**TASK ITEM**
Each record that follows should be repeated exactly, with no pictures carried over.

**DATA IN THIS EXERCISE**

:::

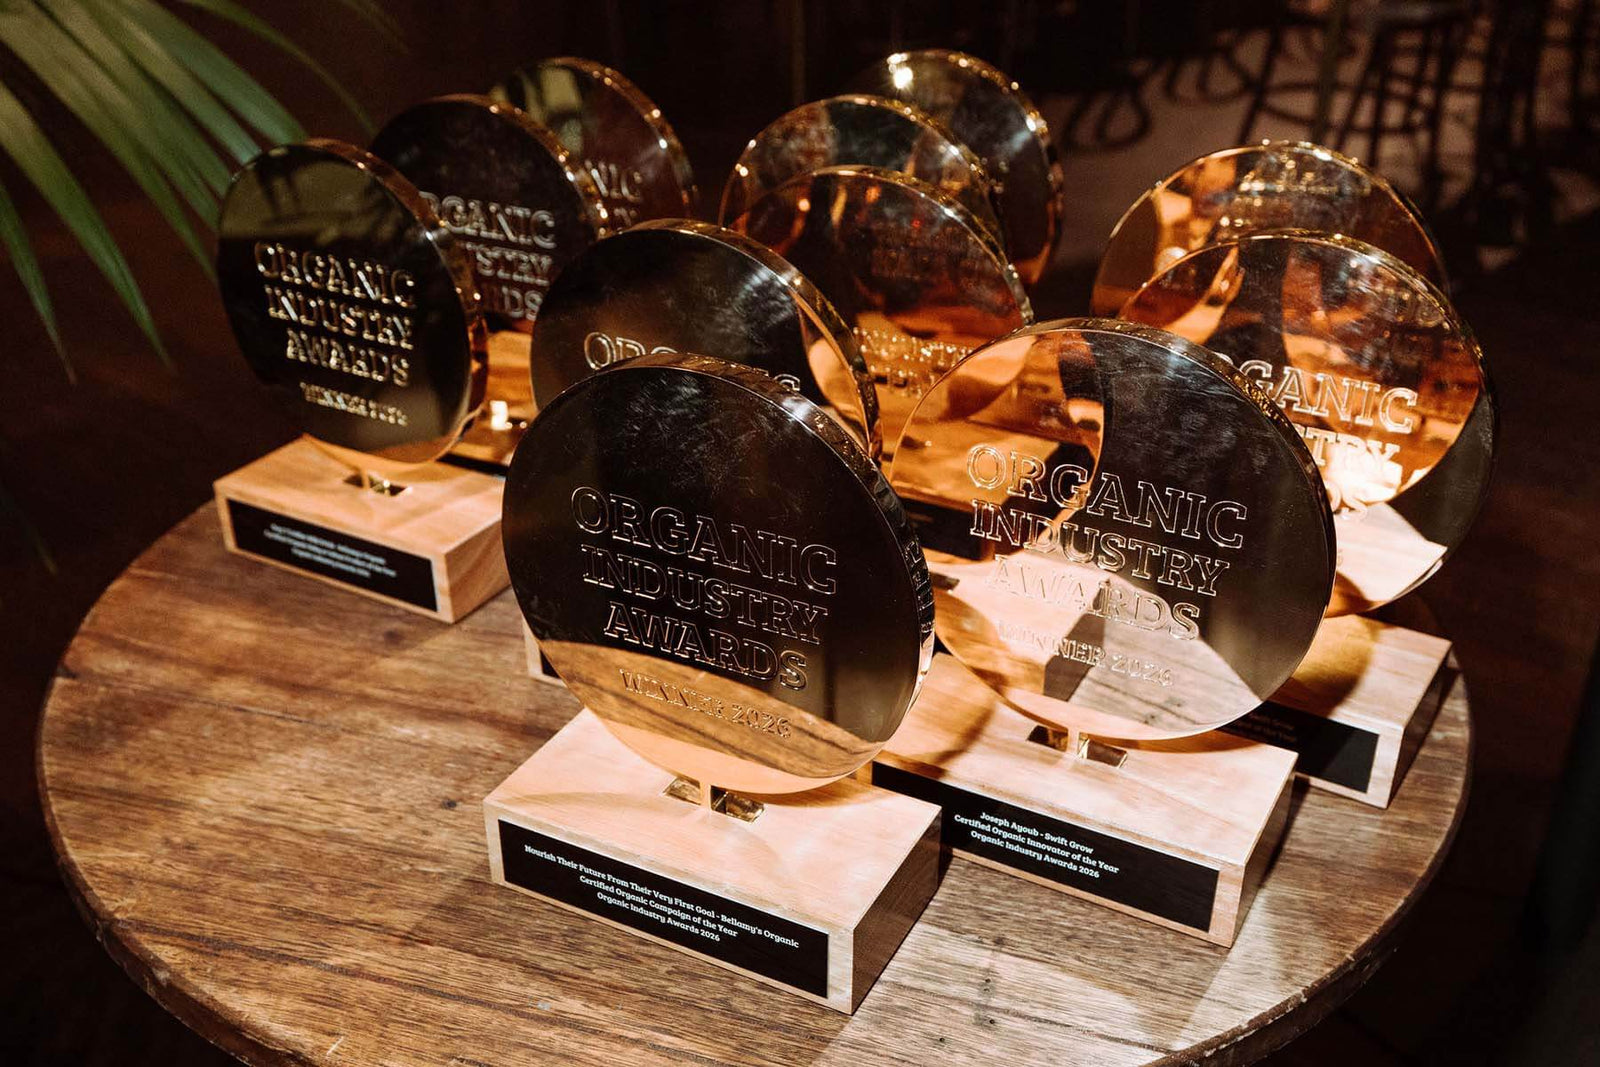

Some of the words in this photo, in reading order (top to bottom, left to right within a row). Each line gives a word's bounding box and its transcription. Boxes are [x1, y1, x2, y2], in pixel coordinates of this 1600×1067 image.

[419, 191, 557, 249] GANIC
[254, 241, 415, 307] ORGANIC
[264, 285, 414, 350] INDUSTRY
[286, 328, 409, 387] AWARDS
[1216, 352, 1418, 434] GANIC
[966, 444, 1248, 550] ORGANIC
[571, 486, 837, 595] ORGANIC
[970, 498, 1230, 597] INDUSTRY
[580, 543, 828, 645] INDUSTRY
[989, 554, 1200, 641] AWARDS
[604, 601, 808, 690] AWARDS
[998, 621, 1106, 668] WINNER
[1111, 651, 1174, 687] 2026
[619, 669, 727, 720] WINNER
[732, 704, 791, 738] 2026
[954, 814, 991, 832] Certified
[992, 827, 1026, 843] Organic
[1026, 838, 1071, 858] Innovator
[1071, 853, 1082, 861] of
[1082, 856, 1097, 867] the
[1098, 860, 1119, 874] Year
[971, 830, 1005, 847] Organic
[1005, 841, 1043, 861] Industry
[1044, 854, 1078, 871] Awards
[1079, 866, 1100, 879] 2026
[980, 812, 1010, 827] Joseph
[1010, 822, 1039, 836] Ayoub
[1044, 832, 1068, 846] Swift
[1069, 841, 1094, 854] Grow
[524, 845, 556, 862] Nourish
[556, 856, 578, 870] Their
[579, 864, 606, 880] Future
[607, 874, 629, 888] From
[630, 881, 652, 895] Their
[653, 890, 673, 904] Very
[674, 898, 694, 911] First
[696, 905, 715, 918] Goal
[721, 914, 762, 935] Bellamy's
[764, 930, 799, 948] Organic
[580, 875, 615, 893] Certified
[616, 888, 648, 905] Organic
[649, 900, 691, 920] Campaign
[692, 915, 701, 924] of
[702, 919, 716, 930] the
[717, 924, 738, 937] Year
[597, 892, 629, 909] Organic
[630, 904, 665, 923] Industry
[667, 917, 699, 934] Awards
[700, 928, 720, 941] 2026

:::

**ANSWER SPACE**
Some of the words in this photo, in reading order (top to bottom, left to right within a row). Each line gives a word's bounding box and its transcription. Boxes are [x1, y1, x2, y2], in pixel coordinates of this 1600×1067 image.

[419, 191, 557, 249] GANIC
[254, 241, 415, 307] ORGANIC
[264, 285, 414, 350] INDUSTRY
[286, 328, 409, 387] AWARDS
[1216, 352, 1418, 434] GANIC
[966, 444, 1248, 550] ORGANIC
[571, 486, 837, 595] ORGANIC
[970, 498, 1230, 597] INDUSTRY
[580, 543, 828, 645] INDUSTRY
[989, 554, 1200, 641] AWARDS
[604, 601, 808, 690] AWARDS
[998, 621, 1106, 668] WINNER
[1111, 651, 1174, 687] 2026
[619, 669, 727, 720] WINNER
[732, 704, 791, 738] 2026
[954, 814, 991, 832] Certified
[992, 827, 1026, 843] Organic
[1026, 838, 1071, 858] Innovator
[1071, 853, 1082, 861] of
[1082, 856, 1097, 867] the
[1098, 860, 1119, 874] Year
[971, 830, 1005, 847] Organic
[1005, 841, 1043, 861] Industry
[1044, 854, 1078, 871] Awards
[1079, 866, 1100, 879] 2026
[980, 812, 1010, 827] Joseph
[1010, 822, 1039, 836] Ayoub
[1044, 832, 1068, 846] Swift
[1069, 841, 1094, 854] Grow
[524, 845, 556, 862] Nourish
[556, 856, 578, 870] Their
[579, 864, 606, 880] Future
[607, 874, 629, 888] From
[630, 881, 652, 895] Their
[653, 890, 673, 904] Very
[674, 898, 694, 911] First
[696, 905, 715, 918] Goal
[721, 914, 762, 935] Bellamy's
[764, 930, 799, 948] Organic
[580, 875, 615, 893] Certified
[616, 888, 648, 905] Organic
[649, 900, 691, 920] Campaign
[692, 915, 701, 924] of
[702, 919, 716, 930] the
[717, 924, 738, 937] Year
[597, 892, 629, 909] Organic
[630, 904, 665, 923] Industry
[667, 917, 699, 934] Awards
[700, 928, 720, 941] 2026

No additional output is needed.